The FAIR acronym in the context of biomedical data refers to the need for any data produced with public funds to be Findable, Accessible, Interoperable and Reusable. Let’s analyse each of the words that compose the acronym.
- Findable: Because so much data is produced, be it via Next Generation Sequencing or other means (e.g., high throughput technology), the way experiments are now carried out is data heavy. This data is expected to be deposited in a public archive and referenced by the appropriate publication that has results about this data. But to be findable is not easy. Data needs to be properly described and exposed to the researcher who is searching to use it for his/her research.
- Accessible: Even if the data is found, that does not mean that it is readily available for download. This is not only for technical reasons. There may be consent frameworks that protect the data because it proceeds from patients whose identity and privacy need to be respected. In many cases data access may be restricted and have a high barrier for access.
- Interoperable: I have found that if any of these words are hot at the moment, Interoperability is probably the winner. Today, as I attended the ELIXIR-UK Small and Medium Enterprise Forum on ‘Enabling Discoverability in
Bio-Data Innovation‘ at Churchill College in Cambridge, Interoperability was among the top buzzwords. I heard Professor Carole Goble mentioning today at the conference that Interoperability has to be there for a purpose. It cannot be done for the sake of it. There needs to be a problem, usually integration of datasets or concatenation of softwares in a pipeline.
Today I had the privilege to chair the session at the ELIXIR-UK SME event about ‘Challenges in FAIR principles implementation’. The Hyve CEO Keen van Bochove said in his presentation I chaired that in order to operationalise FAIR principles the appropriate tools are needed, which we right now do not have yet. Other challenges mentioned by Kees include the fact that the data landscape for patients is sparse and diverse. Moreover, Pete McQuilton (AKA Drosophilic), during the same session gave us an overview of the FAIR landscape in ELIXIR. He made clear that in order to assess whether data shared is FAIR we need agreed metrics, which at the moment we do not have.
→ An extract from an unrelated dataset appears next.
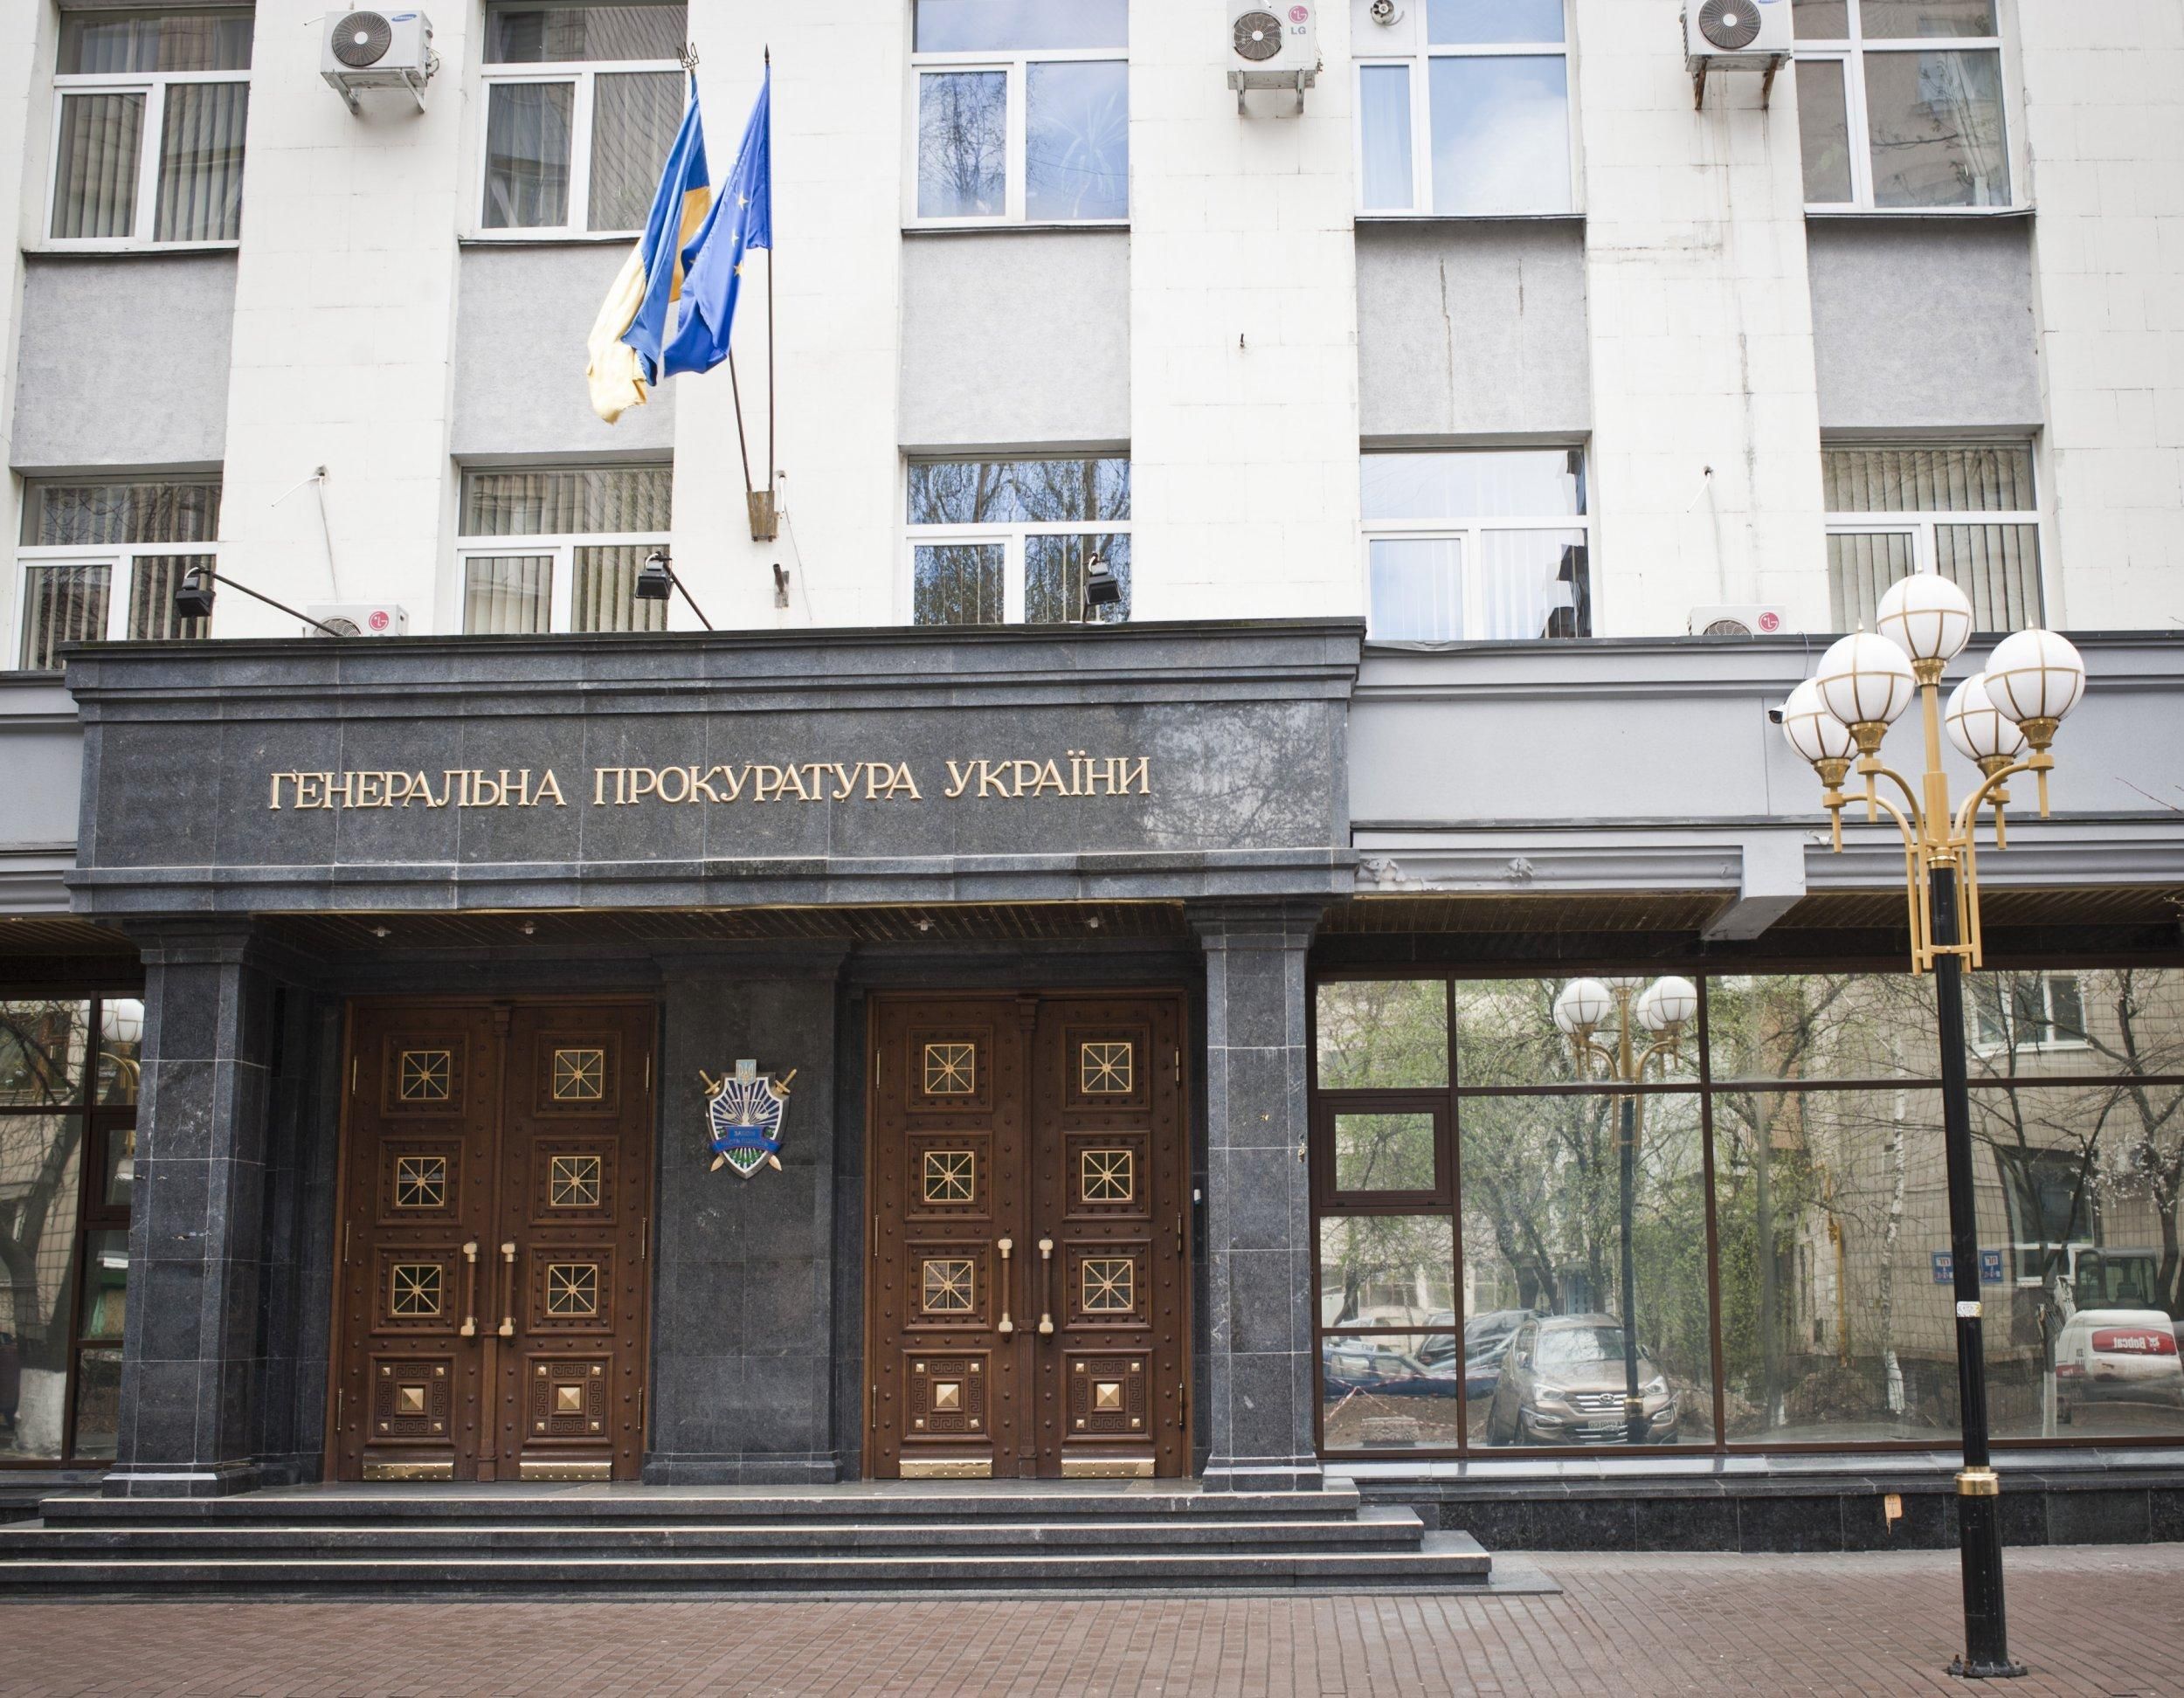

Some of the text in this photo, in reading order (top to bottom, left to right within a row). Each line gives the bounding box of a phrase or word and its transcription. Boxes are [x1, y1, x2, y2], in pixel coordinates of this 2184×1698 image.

[1290, 26, 1307, 35] LG
[269, 749, 1151, 810] ГЕНЕРАЛЬНА ПРОКУРАТУРА УКРАЇНИ
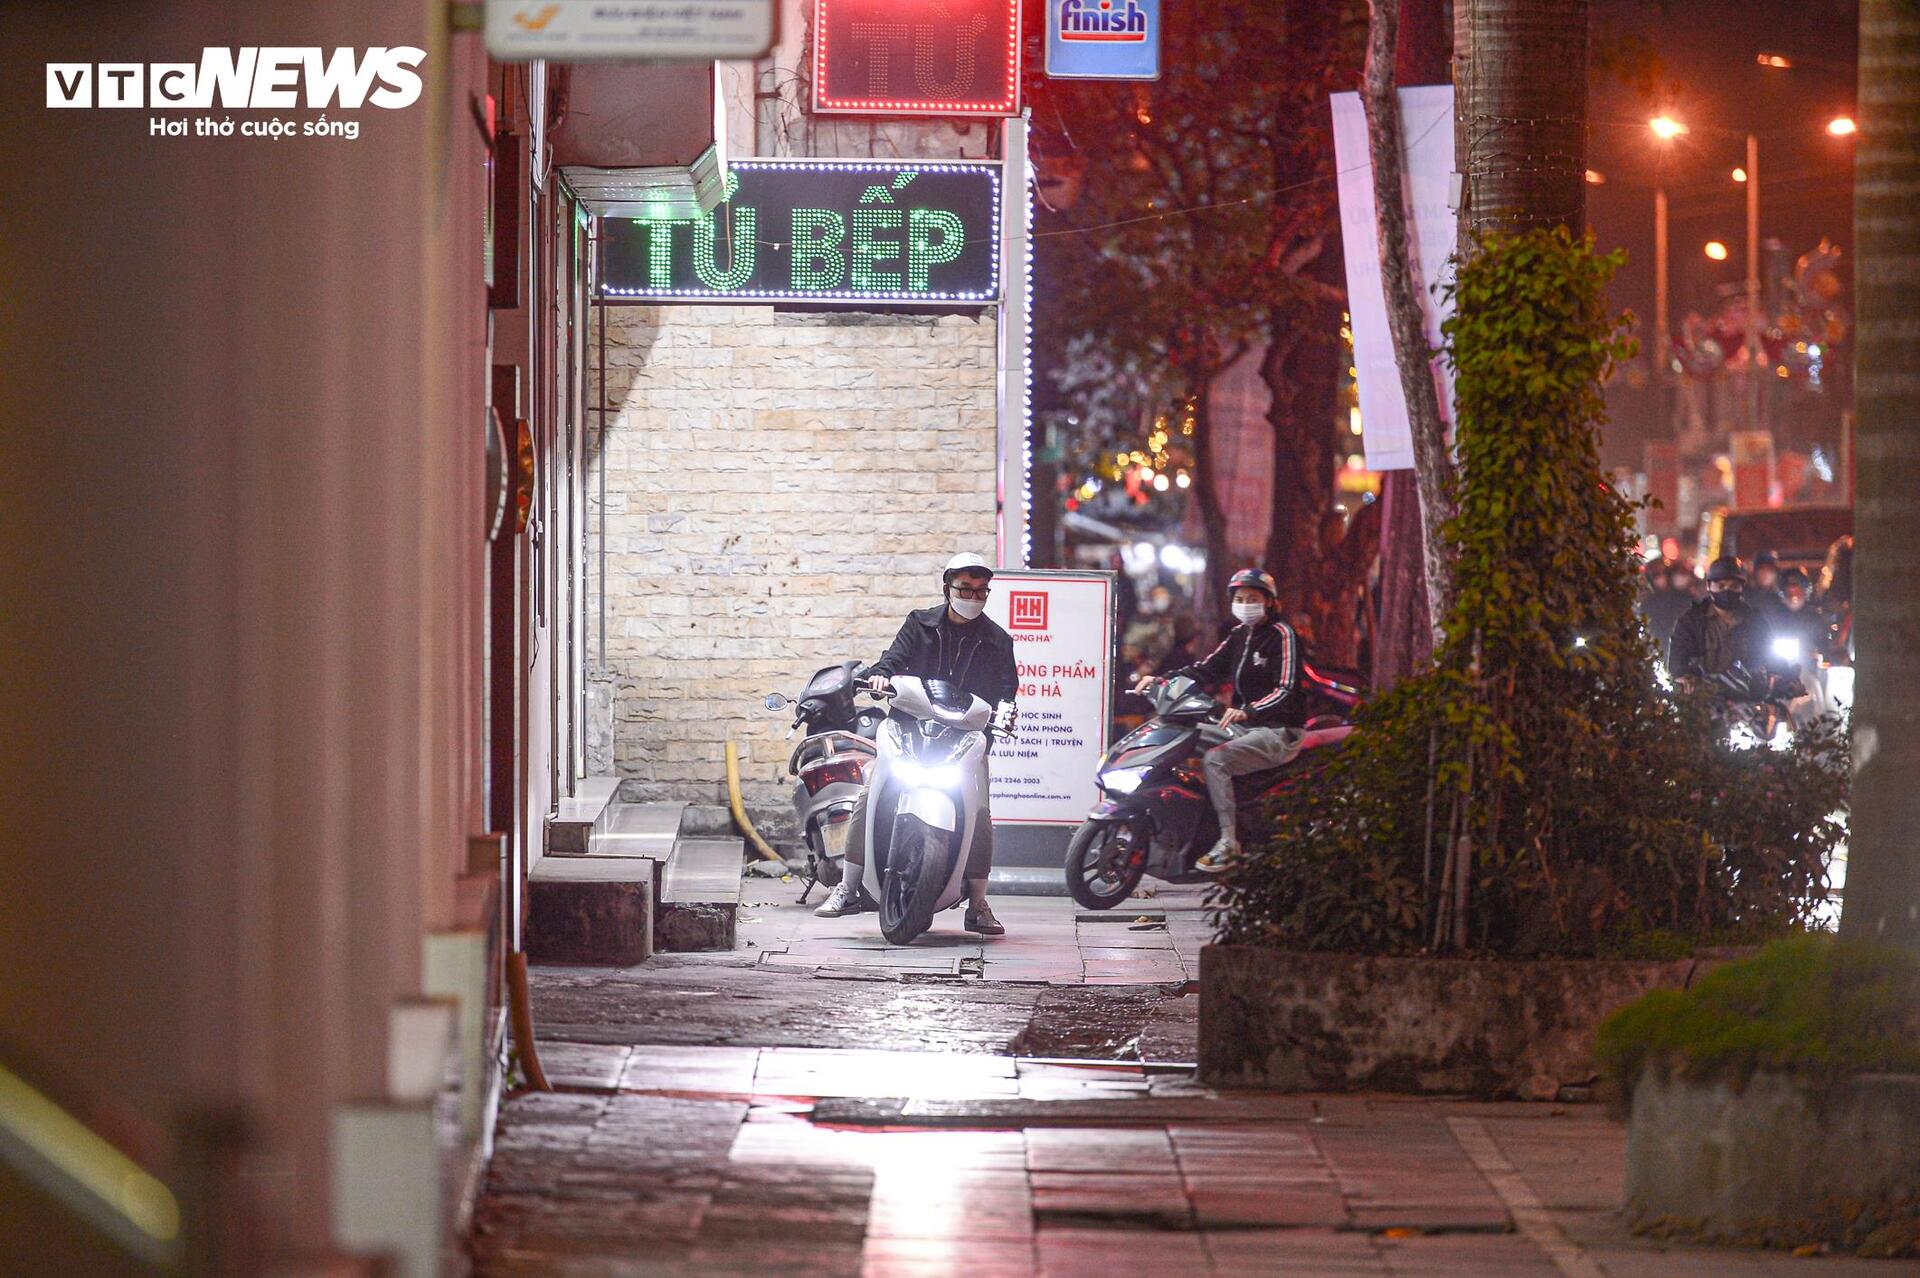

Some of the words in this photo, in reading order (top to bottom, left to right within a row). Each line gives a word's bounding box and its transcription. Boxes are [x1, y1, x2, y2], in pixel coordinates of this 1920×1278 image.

His team, led by Susanna Sansone at Oxford University, conducted a survey where they identified some of these potential metrics, but more work is needed.
At the end of the session we had an interactive panel discussion where we asked the audience what their thoughts are regarding the single biggest challenge to adoption of FAIR values widely. It is not political or technical factors what the audience think the biggest barrier is cultural.
The overwhelming majority of the ELIXIR Innovation and SME Forum, approximately 90%, thought that the single biggest barrier to adoption of FAIR values is the current culture in the biomedical research arena.
This, indeed, is one of the top conversations that the bioinformatics community is thinking about today. This ‘gut feeling’ the community has remains to be tested more widely and if so we need to have success stories where we clearly quantify how much society benefits by making data FAIR. This indeed will be one of the solutions to change the culture: to find and communicate success stories and cases where we as a community prove that FAIR principles are imperative to embrace, regardless of any circumstance. End of day 1 of #ELIXIR4Innovation.